Does Competing Motivate You?

Does Competing Motivate You?

Hi, I’m Liz Moser, a Mayo Clinic and National Board Certified Health and Wellness Coach, and last week I received a distressing email from my sweet little yoga studio.  The studio I’ve been zooming into once or twice daily throughout COVID.  The  two owners are going their separate ways, and the remaining owner of the studio will be closing for  the month of July while they “rebrand.” 

Oh No!  I completely panicked: My daily structure! My physical workout! My beloved yoga Nidra meditation! No chatting with the students and teachers! And no rewards program for one entire month! 

Rewards program?  What? 

Yes, my yoga practice the last few months hasn't merely been about the mental, physical, and spiritual aspects of yoga. It was also about accruing rewards points every week.  I eagerly watched myself inch up the leader board.  Six months ago, I started at about 700th  place, and as of the end of June, I was 13th out of 1000 yogis.  Oh yes, I was kicking their bu**’s! 

I bet you didn’t know that yoga is a competitive sport! Ha!

Although my weight fluctuated over the years (before embracing my current nutritional lifestyle), I never had a lot of weight to lose.  I’ve never truly been overweight.  

Therefore, currently, doing yoga without the rewards plan, I suppose, is the closest I’ve come to feeling what many of my clients feel when they transition from weight loss to weight maintenance.  When they have to let go of the dopamine hit, or that rush of excitement, brought on by the scale dropping down each week, and they start having to shift their focus to the more subtle day to day “non-scale victories.”
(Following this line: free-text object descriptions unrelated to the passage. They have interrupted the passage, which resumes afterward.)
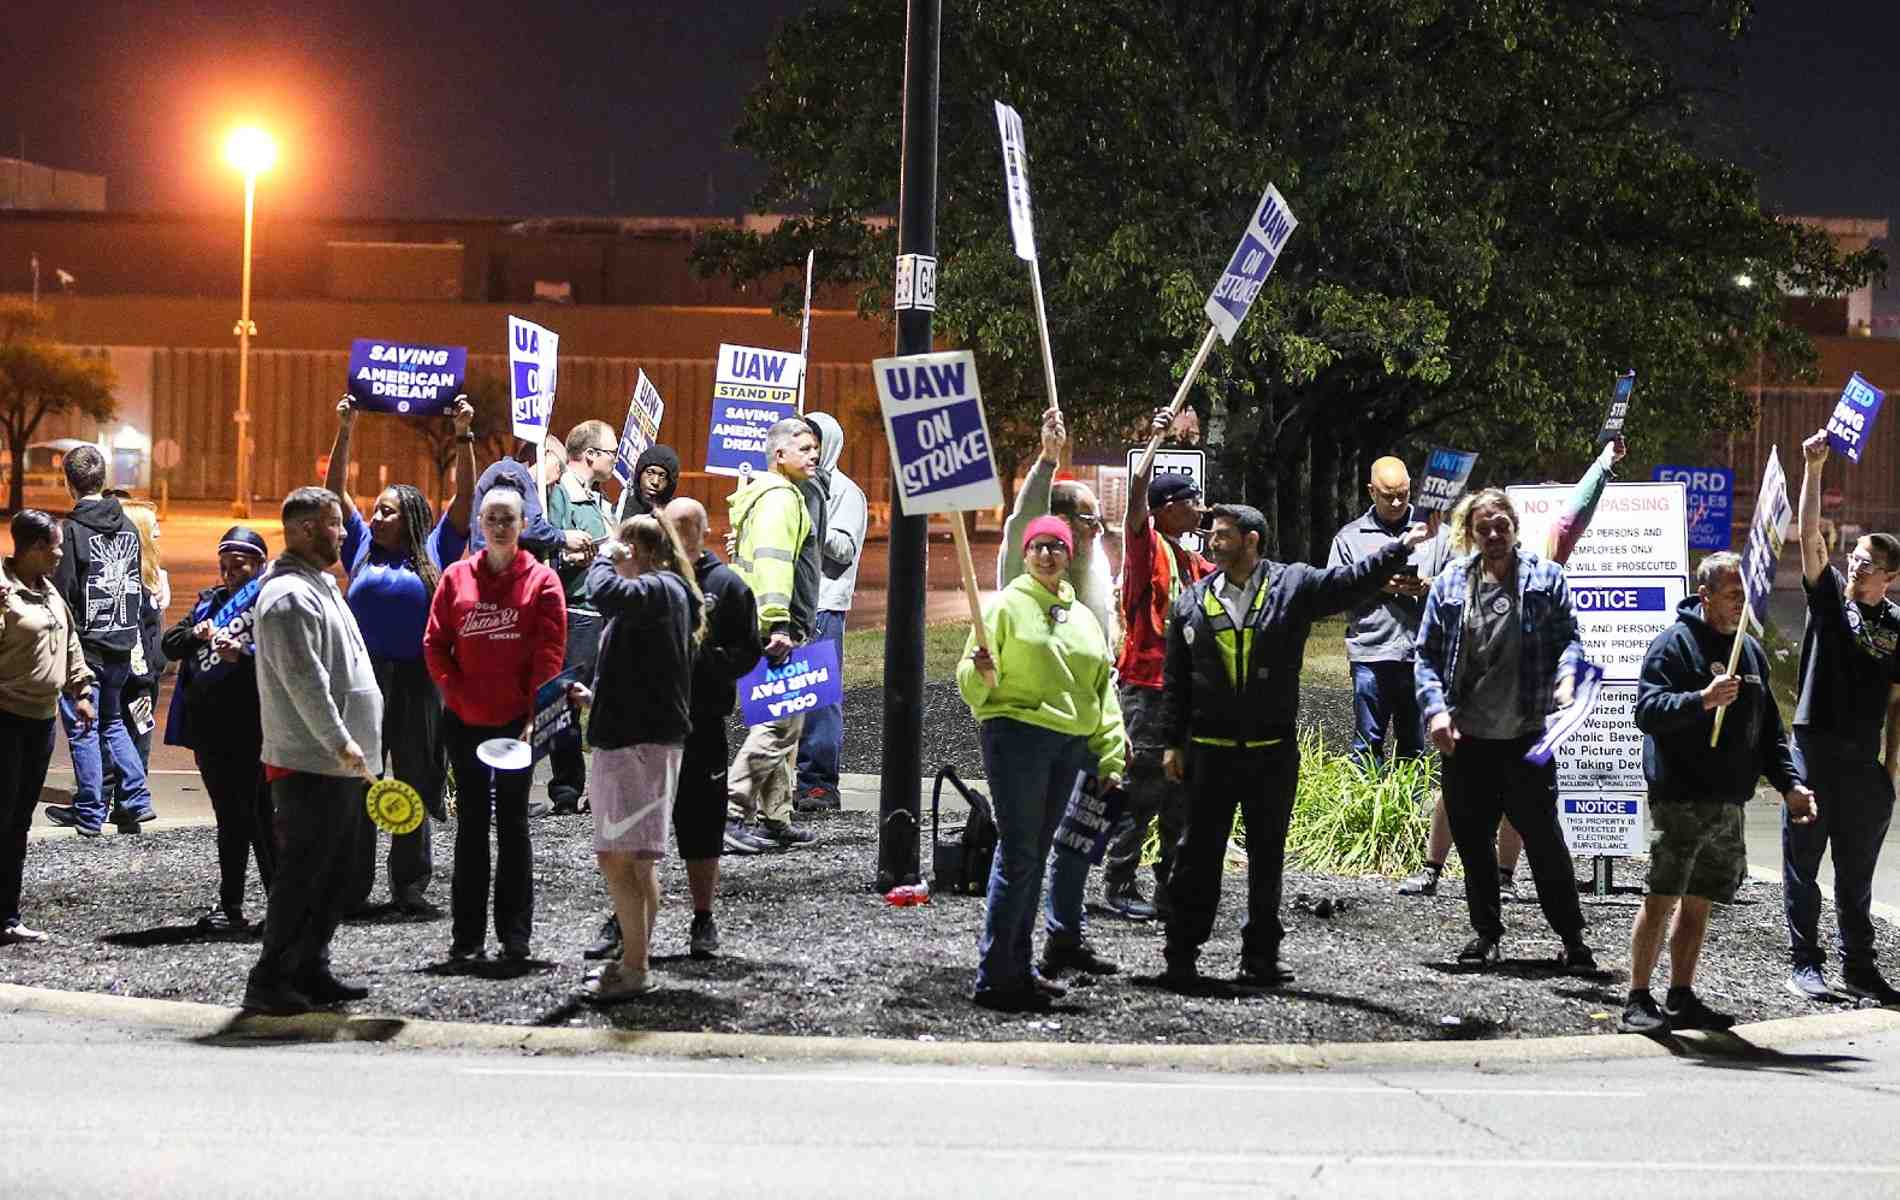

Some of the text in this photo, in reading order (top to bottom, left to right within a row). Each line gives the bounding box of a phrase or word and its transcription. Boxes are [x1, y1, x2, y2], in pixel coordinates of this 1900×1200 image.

[1258, 196, 1289, 250] UAW
[1241, 248, 1265, 275] ON
[1215, 272, 1260, 303] STRIKE
[515, 325, 539, 354] UA
[369, 345, 448, 366] SAVING
[732, 350, 787, 382] UAW
[357, 366, 455, 387] AMERICAN
[886, 362, 965, 401] UAW
[372, 382, 437, 399] DREAM
[720, 386, 791, 401] STAND UP
[640, 379, 660, 419] UAW
[725, 407, 779, 423] SAVING
[712, 423, 768, 438] AMERIC
[917, 409, 953, 450] ON
[902, 428, 988, 494] STRIKE
[1660, 470, 1726, 492] FORD
[1524, 500, 1549, 513] NO
[1690, 494, 1727, 508] CLES
[1596, 528, 1640, 538] PERSONS
[1644, 528, 1661, 536] AND
[1573, 544, 1654, 555] EMPLOYEES ONLY
[1576, 562, 1598, 572] WILL
[1600, 562, 1614, 571] BE
[1616, 561, 1678, 571] PROSECUTED
[1591, 624, 1612, 633] AND
[1616, 624, 1665, 633] PERSONS
[1583, 640, 1608, 648] PANY
[1600, 655, 1614, 664] TO
[766, 660, 809, 681] NOW
[751, 667, 828, 701] FAIR PAY
[768, 692, 818, 717] COLA
[1584, 719, 1638, 730] Weapons
[1568, 732, 1644, 742] oholic Bever
[1559, 745, 1641, 756] No Picture or
[1575, 759, 1613, 772] Taking
[1618, 760, 1642, 770] Dev
[1576, 801, 1626, 813] NOTICE
[1566, 816, 1636, 825] THIS PROPERTY IS
Non-scale victories or NSV’s for short, are a way for dieters to measure their weight loss progress without being constrained to a single measure of a scale.  For instance, some NSV’s of weight loss are improved sleep, looser clothing, and increased energy to engage in your life goals.
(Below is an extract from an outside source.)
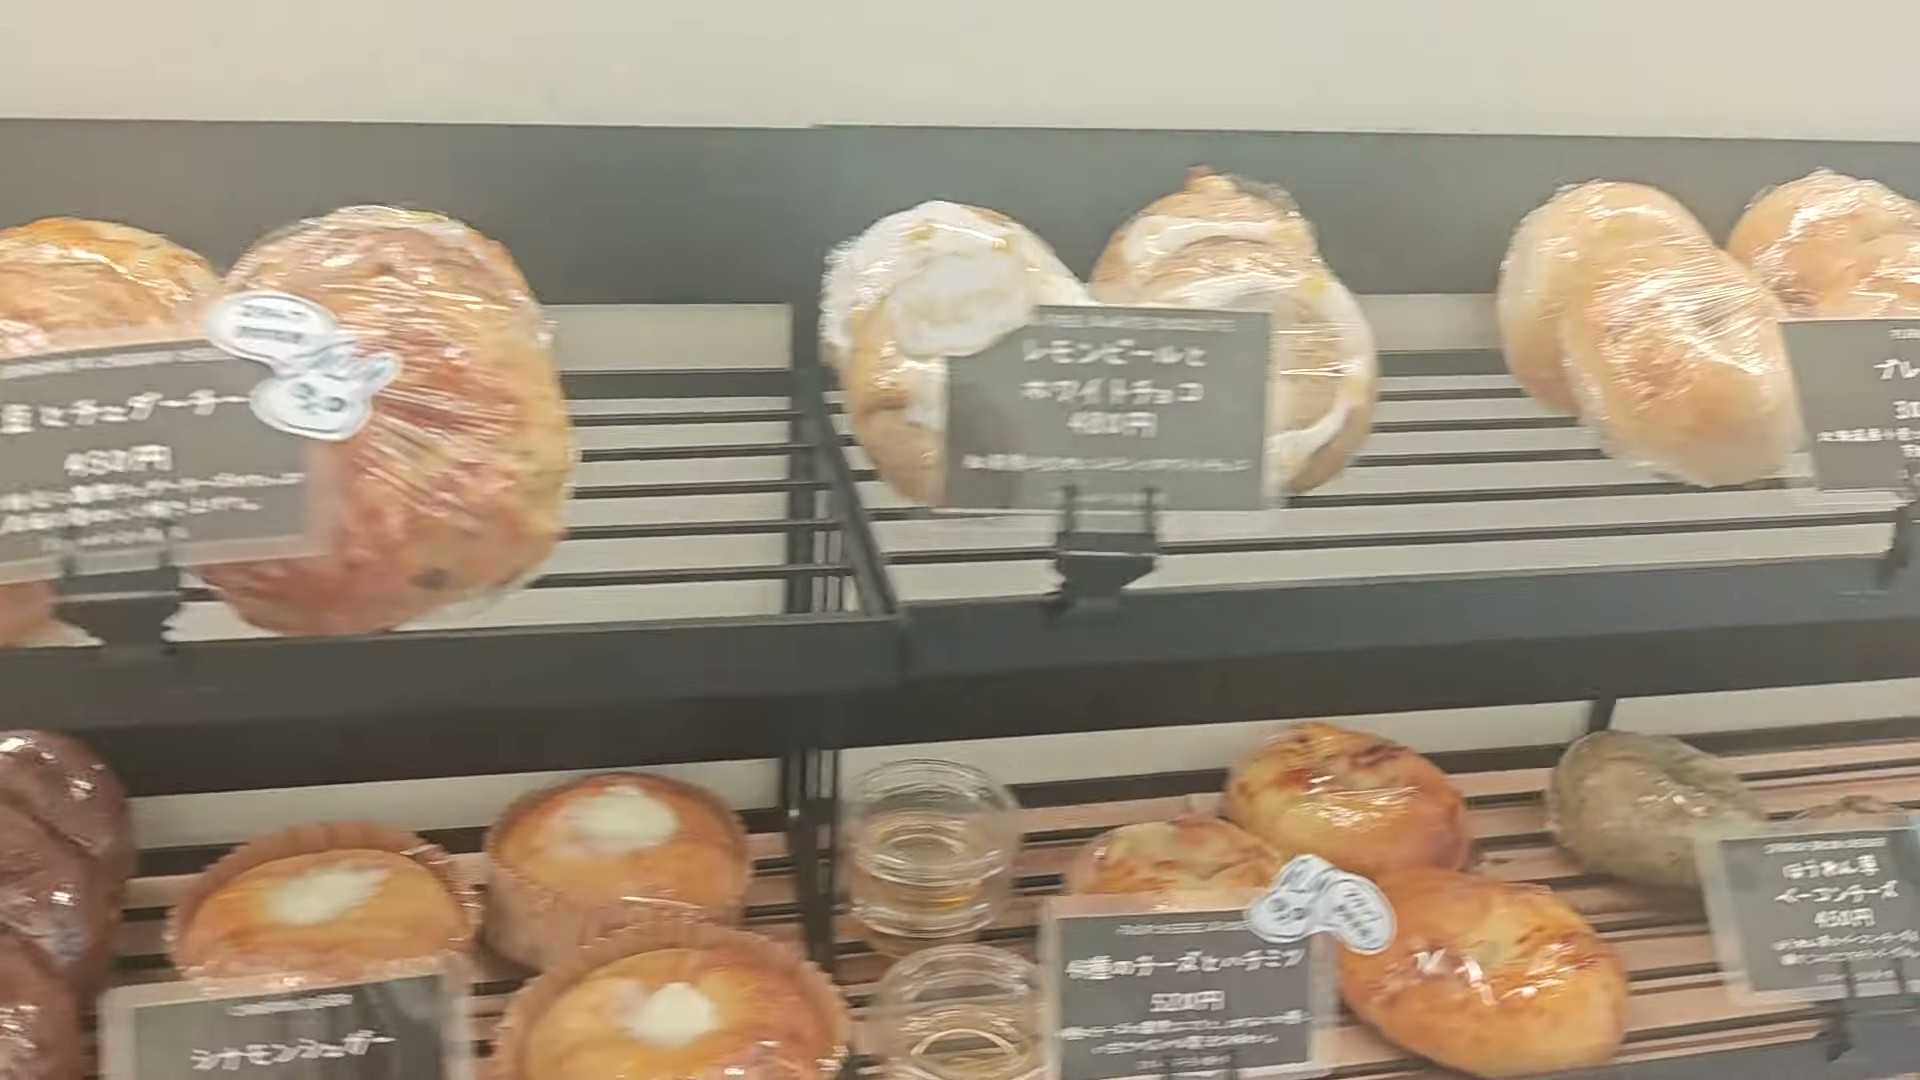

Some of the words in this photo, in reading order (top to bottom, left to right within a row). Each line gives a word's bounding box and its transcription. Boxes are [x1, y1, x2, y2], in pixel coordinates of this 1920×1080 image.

In my case, I had to temporarily let go of the dopamine hit, that rush of excitement, brought on by watching my points tally up until finally, I was neck to neck with the studio's OG yogis.  Yep, I turned my yoga practice into a competition!

But hey, if a competition keeps you motivated, is that so bad? 
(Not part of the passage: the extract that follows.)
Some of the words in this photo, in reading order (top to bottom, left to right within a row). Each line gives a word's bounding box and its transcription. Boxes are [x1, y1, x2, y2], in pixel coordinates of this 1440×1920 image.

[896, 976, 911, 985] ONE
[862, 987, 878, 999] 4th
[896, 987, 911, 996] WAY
As a wellness coach, my answer to that question is both no and yes!  Each of my clients is unique, and my job is to help them discover what’s motivating for them.  OK, so nothing wrong with competition if that kind of support works for you.  And it defiantly works for me!  Right, I moved from 700th to 13th place in  6 months because I took a lot of yoga classes. Competition is a motivator for me, yet it feels like pressure for some people and can ultimately backfire.

Therefore, if competing is motivating for you, then compete.  No harm, no foul.  Although, I would suggest that while you’re competing, you check in now and again and stay clear about your real reasons for your actions.  In my case, why is yoga important to me?

And more crucially, how does yoga serve my larger goals and purpose?  

I love yoga because it grounds me while it strengthens my body, mind, and spirit. I love learning challenging new poses while being part of an ancient tradition that’s still relevant today.  Furthermore, one of my life goals is to help other people, and anything that grounds me in the present strengthens that goal. 

I am quite clear that yoga isn’t about kicking anyone’s b**t or inching up the leader board. Yoga offers multiple non-reward points victories or NRV's and that’s why I practice.

For July, I followed the owner, who left the studio to her new online business.  It doesn’t have a rewards program.  Otherwise, it's the same teacher, same students, and the same sunroom she taught in during the last several months of zoom calls.  I'm not inching up the leaderboard, yet I'm participating in many of the same lovely classes.  When the newly rebranded studio opens in August, will I continue with them as well?  I don’t know, time will tell. 

My goal is to continue embracing the non-reward points victories, NRV’s, of yoga while staying with my practice.

I’m Liz Moser a Mayo Clinic and National Board Certified Health and Wellness Coach, but more significantly a fellow wellness seeker just like you. Thank you for reading this blog about my non-rewards point’s victories in yoga. And for allowing me to acknowledge that while my personality loves a good competition, I also need to check with my deeper why's and overall life purpose.  

Let’s never lose sight of the “forest”, our larger goals, and life purpose through the “trees” of our desire to succeed in a competition.